Who hasn’t heard that sage old advice before performing? Commitment is the key to any good performance because if you appear to believe in it then you convince the audience to believe it as well. But, believe it or not, commitment is just as important off the stage . . .
With Dirty Rotten Scoundrels preparing to open in Sydney later this year, I thought it was time to check out the Broadway production and see if we can learn anything from them. Marketing wise, of course, not just so that I can watch countless YouTube videos!
And I came across this article.
Basically, the producers of the Broadway production decided to market the Dirty Rotten Scoundrels cast recording in a revolutionary way that would gain encourage people to book tickets to the show and, of course, gain a bit of publicity.
Prior to the launch of the cast album, 50,000 copies were set aside to be given out to audience members during the month of May, with a considerable number set aside for Scoundrels fans and theatre buffs who turned up to a special launch. Did I mention they were free?
That’s right, it’s an accountant’s nightmare. (Maybe the storyline for a sequel to The Producers?)
50,000 cast albums were being given away which was a pretty large financial undertaking. But luckily for the producers of Scoundrels, it paid off as the show continued to run for another 14 months after the stunt!
So now is the interesting question. Why?
A couple of reasons:
Up against the stiff competition of Spamalot and The 25th Annual Putnam County Spelling Bee opening as well as the Christina Applegate-led Sweet Charity, something rather remarkable and unbelievable is needed to get your show onto the radar of these news sites. And an expensive and wide-spread give-away is just the thing to remind people to come to your show!
There was a reason that your parents taught you to say thank you and everybody who attended the show or lined up for the free album received a tangible souvenir that said ‘Thank you for supporting us’. A great way to encourage reciprocity from your clientele by giving them a gift, especially one that reminds them of the fantastic time they had at the show when they listen to it.

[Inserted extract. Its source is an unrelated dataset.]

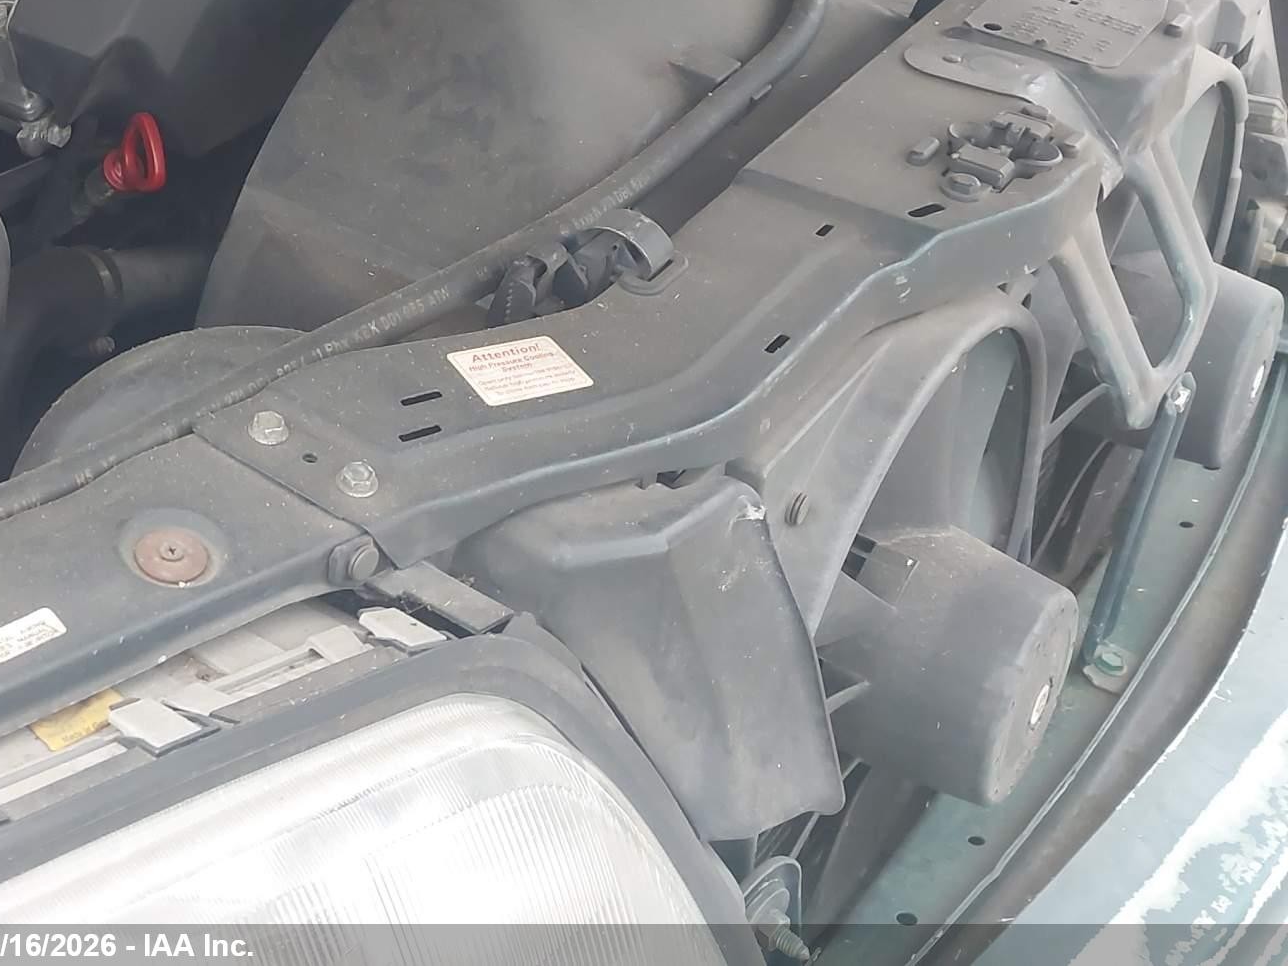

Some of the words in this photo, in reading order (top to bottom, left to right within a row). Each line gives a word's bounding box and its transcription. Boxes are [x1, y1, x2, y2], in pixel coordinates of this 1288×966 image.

[471, 343, 541, 363] Attention!
[468, 363, 488, 372] High
[487, 357, 522, 370] Pressure

And most importantly . . .
The producers clearly had faith that everyone who listened to their show would enjoy it. They took such a big financial risk that was offset by their confidence that listeners to the album would feel the need to spend more money and hear the album performed live at one of their performances. And it is this commitment which then convinces listeners to gamble $120 on a ticket to the show, even if they aren’t sure that they will like it, because these people clearly believe in their product.
So if you are ever looking for some sage advice, here it is: ‘You have to commit’. If you do, then you will convince your audience that your idea is worth committing to as well!